Well, he wasn’t, and the first words out of his mouth were, “why are your underwear on backward?” That’s all it took. So I went home to my little apartment and pleaded with him for days. Finally, as a result, he let me back in, and we moved into the new house together.
I never knew what a coke addict he was until I moved in with him. Before that, I’d barely done coke because it was too expensive. But he always shared, and I ended up developing an addiction too. And it got worse — the day after a coke binge, I would get so depressed, and I had recently been diagnosed with bipolar disorder. So I went to an IOP program, and from there, I went to inpatient rehab twice.
I chose to leave the relationship after the second time. I’ve never done coke again. Just the thought of the aftermath is enough to stop me. And while I’ve never done ecstasy again, if it were around and the circumstances were right …
After three years of singledom and more whoring around, I decided to get serious about being in a relationship again. This time, I used match.com. “Try it, it works!” they said in commercials. It did! I thought I had met the person I’d be with for the rest of my life. And get this: he and I shared the exact same birthdate! He was just six hours older.
I thought that was a sign.
We didn’t immediately move in together, and since he was out of town every week, I thought I could still be a player Monday-Friday. But then he took an interest in my phone. Oh lord. I was out like a light. Like before, I made numerous attempts at reconciliation, but nothing worked. It had to be on him, and fortunately, three months later, I got the call that he’d be willing. Eventually, he invited me to live with him in his condo.
For the most part, those years were good. But he was vehemently opposed to getting married. I’m almost sure it was about his money. He had a lot. And he kept it under the table. “I put all my money into cash,” he used to say. He could have offered a prenuptial, which I would have signed. But instead, he always said he’d put me in his will, and if he went before me, I would assume ownership of the condo. He never did draw up a will.

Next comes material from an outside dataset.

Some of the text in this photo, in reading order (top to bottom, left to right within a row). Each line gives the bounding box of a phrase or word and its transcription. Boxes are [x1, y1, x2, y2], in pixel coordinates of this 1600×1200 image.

Close to our eighth year, things began to sour, and we ended up in a physical altercation. A month later, he came home from work one day and announced that he was selling the condo and we were splitting up.

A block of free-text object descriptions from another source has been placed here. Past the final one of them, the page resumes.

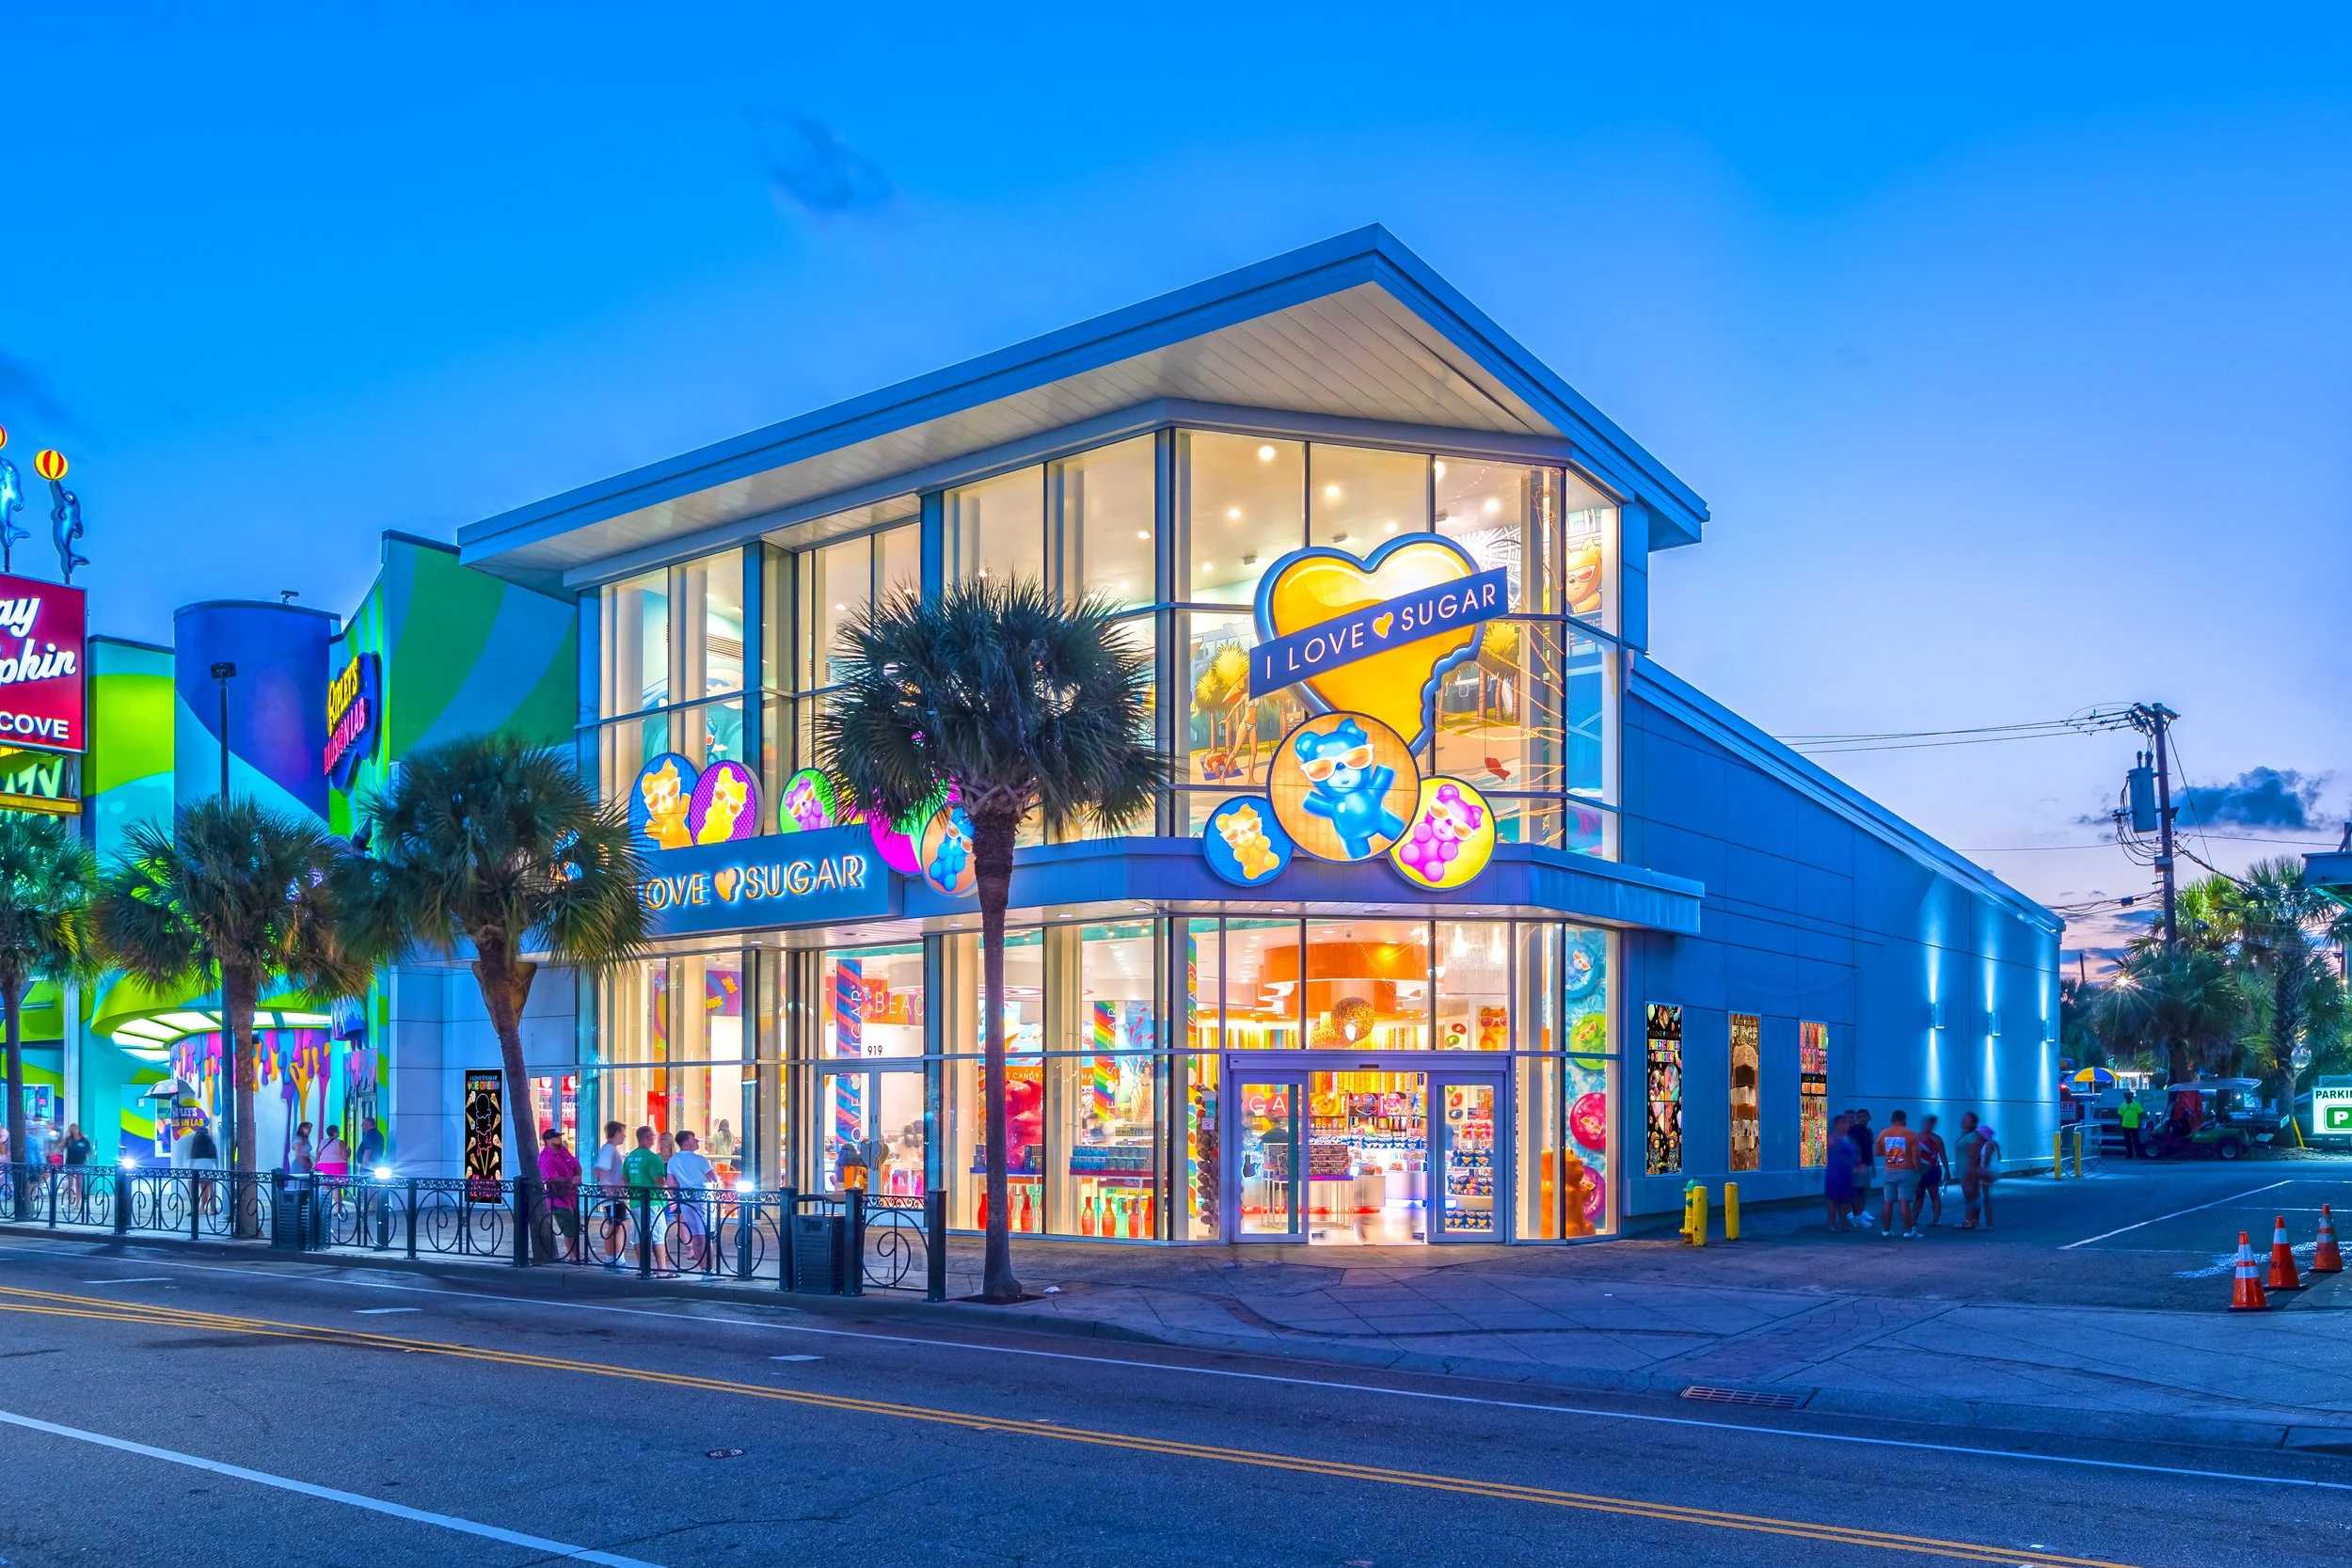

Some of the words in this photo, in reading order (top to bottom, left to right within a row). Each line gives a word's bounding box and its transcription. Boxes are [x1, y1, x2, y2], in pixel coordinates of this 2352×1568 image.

[0, 597, 40, 638] ay
[1266, 656, 1271, 679] I
[1289, 622, 1364, 672] LOVE
[1401, 583, 1496, 631] SUGAR
[0, 638, 76, 684] phin
[327, 656, 358, 736] RIPLEY'S
[0, 711, 70, 739] COVE
[324, 714, 350, 775] ILLUSION
[350, 697, 365, 740] LAB
[644, 872, 706, 910] OVE
[744, 855, 864, 899] SUGAR
[867, 1045, 882, 1055] 919
[1012, 1071, 1041, 1080] CANDY
[172, 1105, 198, 1117] RILEY'S
[191, 1118, 204, 1127] LAB
[850, 1098, 862, 1143] OVE
[2334, 1111, 2349, 1125] P

Despite the recent events, I was shocked. We had planned on retiring in New Mexico, and since nothing was keeping me from doing so, that’s where I went.
“Love Stinks” ~J. Geils Band
So now, I’ve been in Albuquerque for four years, and I’m no closer to having a boyfriend than I was when I first arrived. I’ve had a couple six-week flings, but there was no magic. So my prospects are looking slim.
I’m getting kind of tired of chasing men. I want them to chase me now. And chase they do — the ones in open relationships or those who are married and on the “DL.” There’s no future in that!
I guess it’s best just to be me and let the chips fall where they may. But there’s a lot to be said about living together and having two incomes, especially these days. It’s nice to have a male body at your beck and call. But I am now extremely picky and careful. I’m having a good time writing, and I’d probably fall behind if I were in a relationship.
I’ve loved a lot, and I’ve lost. So I’m not sure if playing the game is worth it again, either.